Ukraine launches probe over Turkish plan hijack bid

Dunya News

The violent political confrontation in Ukraine erupted when Yanukovych ditched an EU agreement.

KIEV (AFP) - Ukraine on Saturday launched a terror probe into a bid by an apparently drunk man to force an airliner flying to Turkey to land in Sochi where leaders were gathered for the opening of the Winter Olympic Games.

"We have launched an investigation into an attempt to commit an act of terror and an attempt to hijack a plane," Ukrainian Security Service (SBU) investigative department chief Maxim Lenko told reporters.

Lenko said the Ukrainian -- who one official in Kiev said was "in an advanced state of drunkenness" during the incident -- had a personal dislike for the politics of President Viktor Yanukovych and his Russian counterpart and ally Vladimir Putin.

Yanukovych s "hands are drenched in blood", the man said as he demanded the plane be flown to Sochi where the Ukrainian leader held crisis talks with Putin, according to Lenko.

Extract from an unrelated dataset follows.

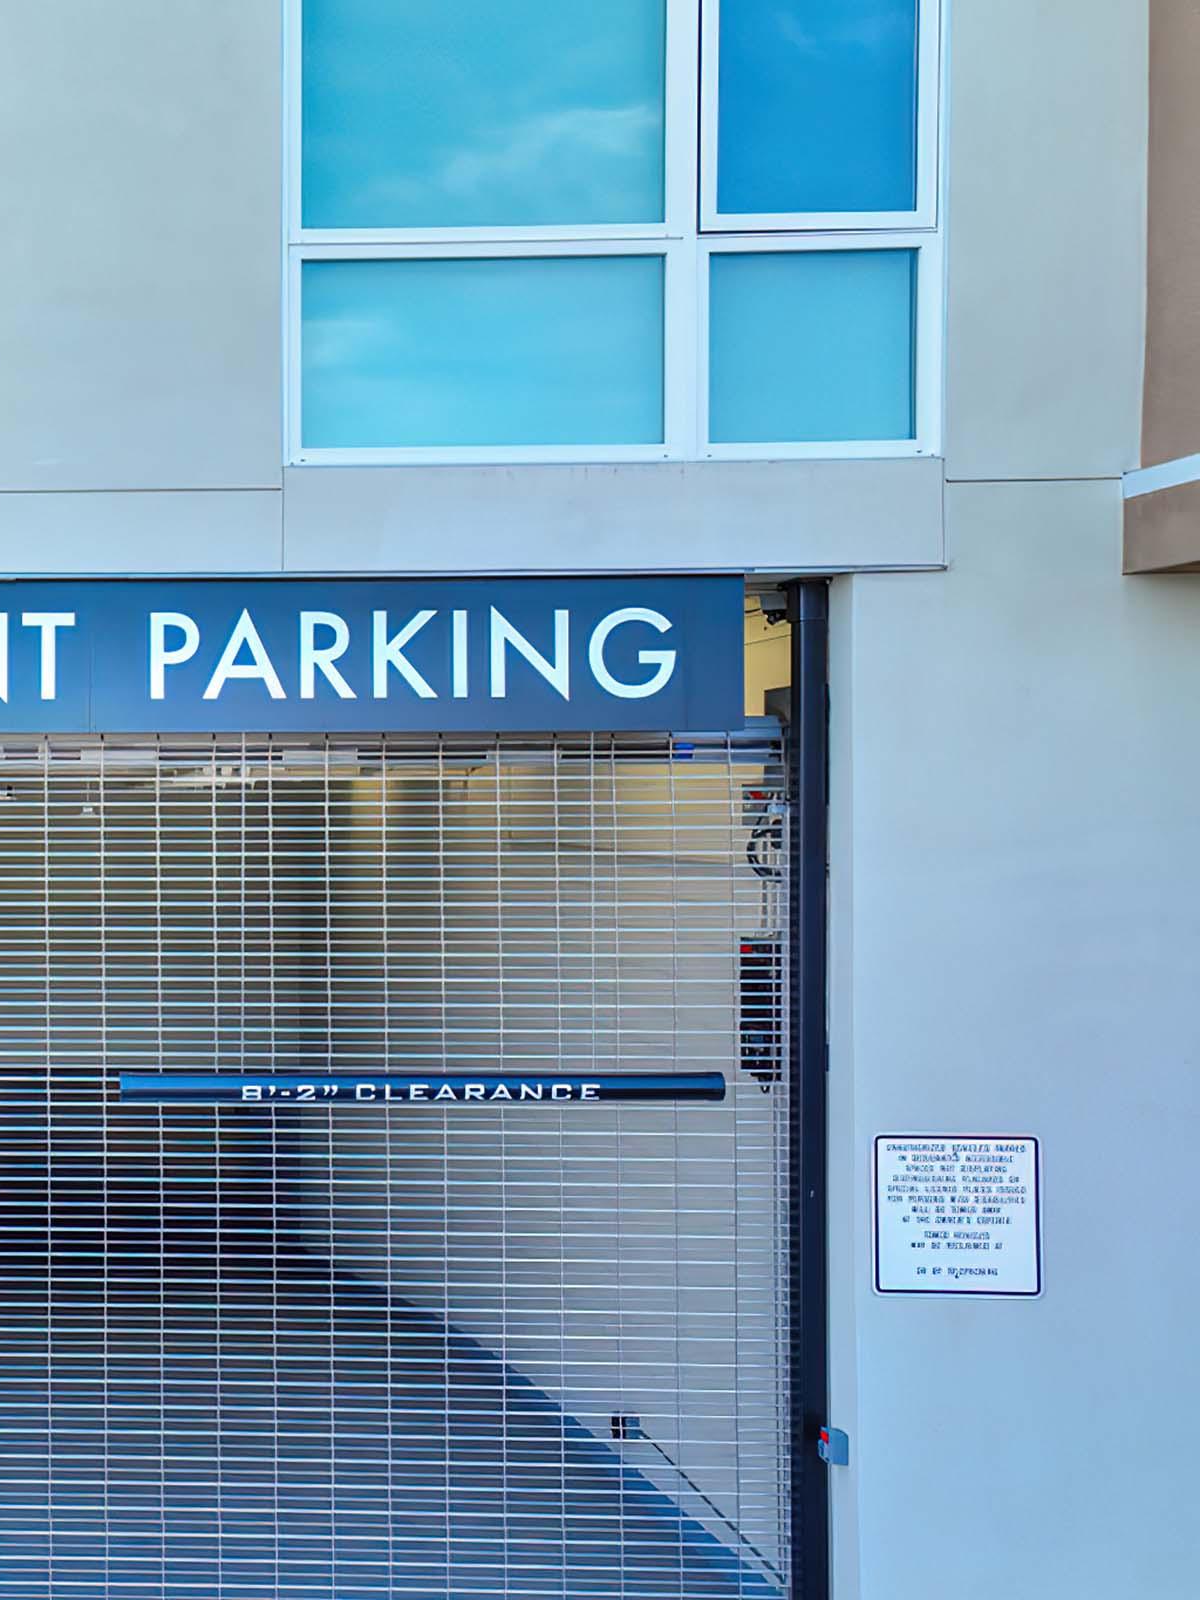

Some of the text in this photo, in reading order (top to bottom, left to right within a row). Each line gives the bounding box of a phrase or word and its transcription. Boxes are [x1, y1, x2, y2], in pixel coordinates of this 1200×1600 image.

[150, 606, 678, 702] PARKING
[240, 1083, 602, 1101] 8'-2" CLEARANCE
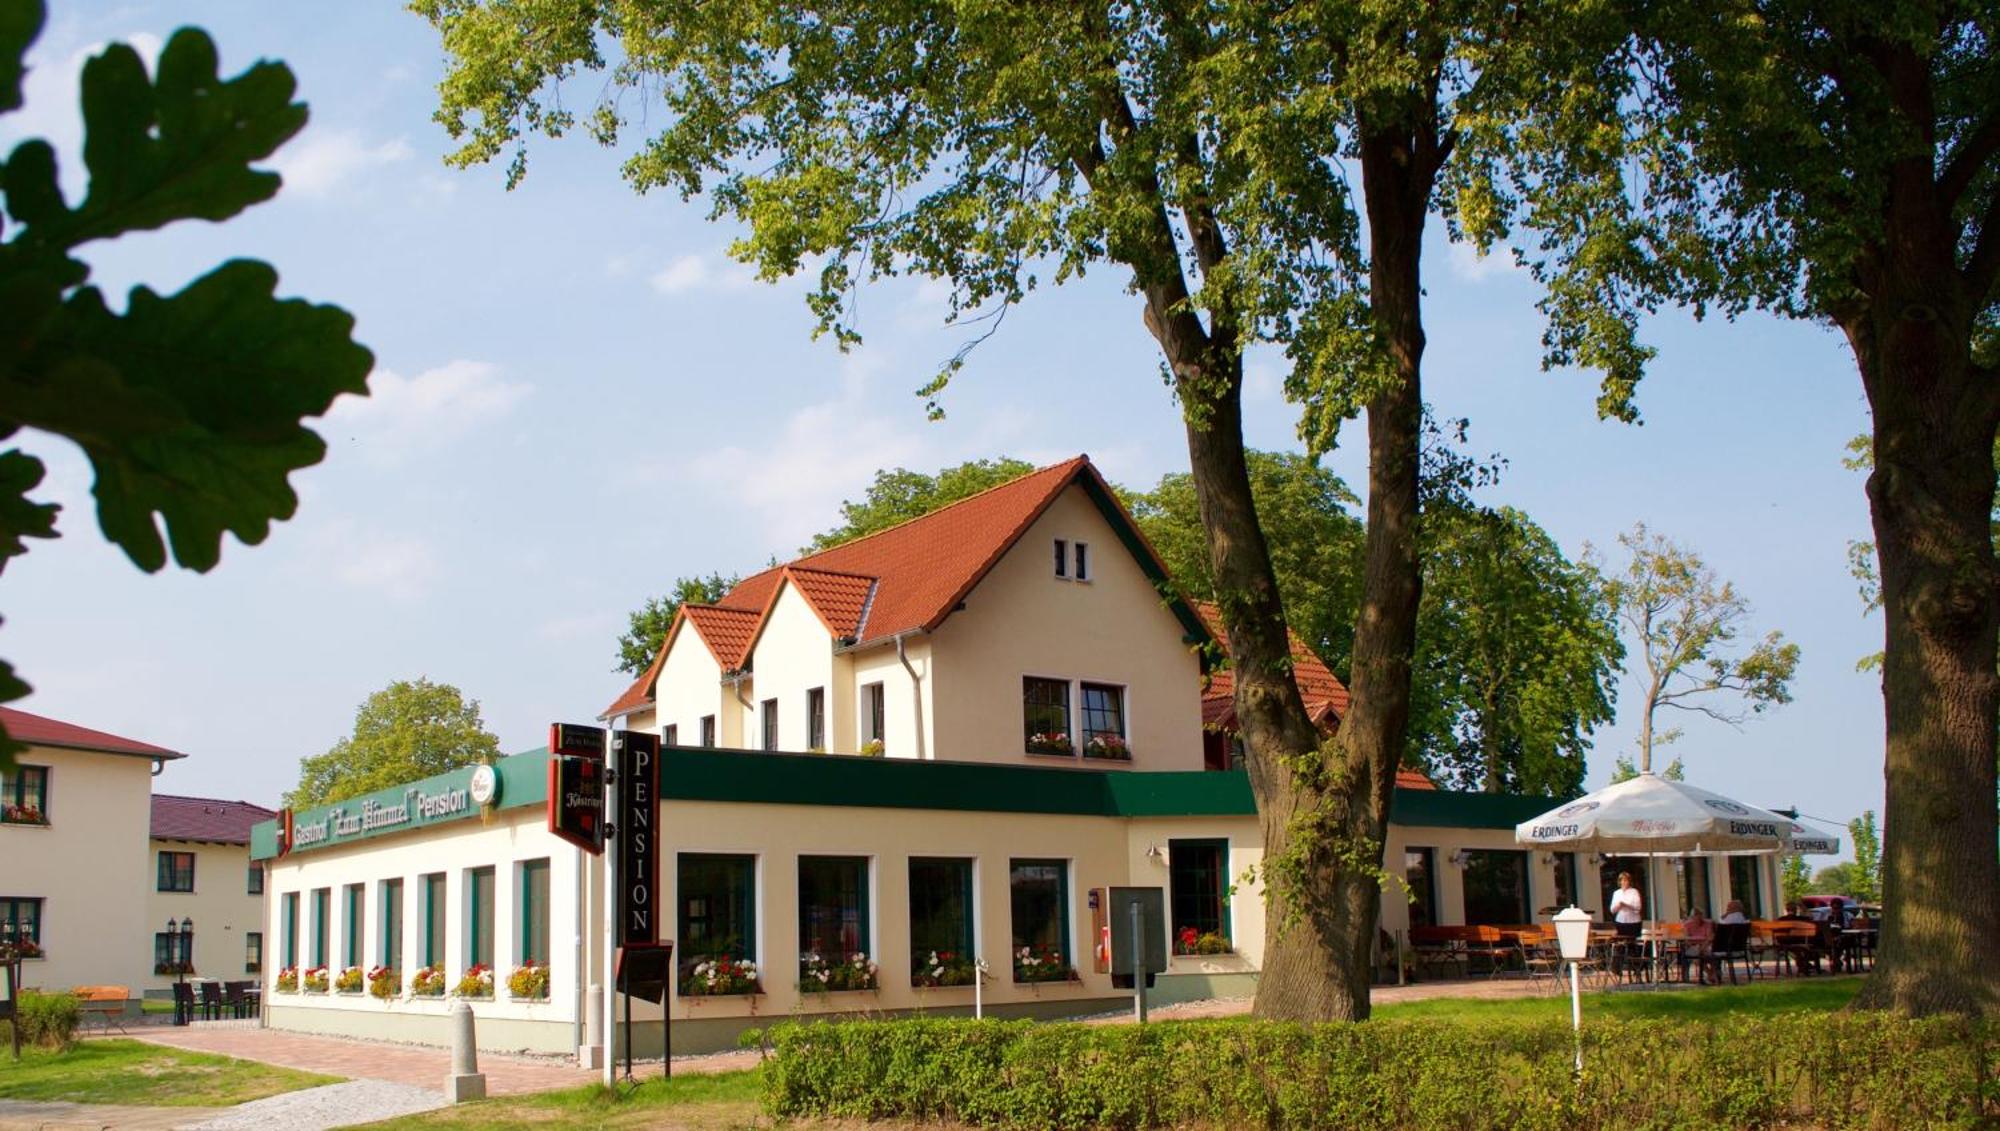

The meeting on the sidelines of the Games  opening ceremony focused on a prolonged political crisis in Ukraine that has pitted the interests of Russia against those of the West.

The Ukrainian man -- said officials said was born in 1969 -- brandished what he said was a detonator as he tried gaining access to the cockpit of an aircraft operated by Turkey s Pegasus Airlines on flight from the eastern Ukrainian city of Kharkiv with 110 people on board.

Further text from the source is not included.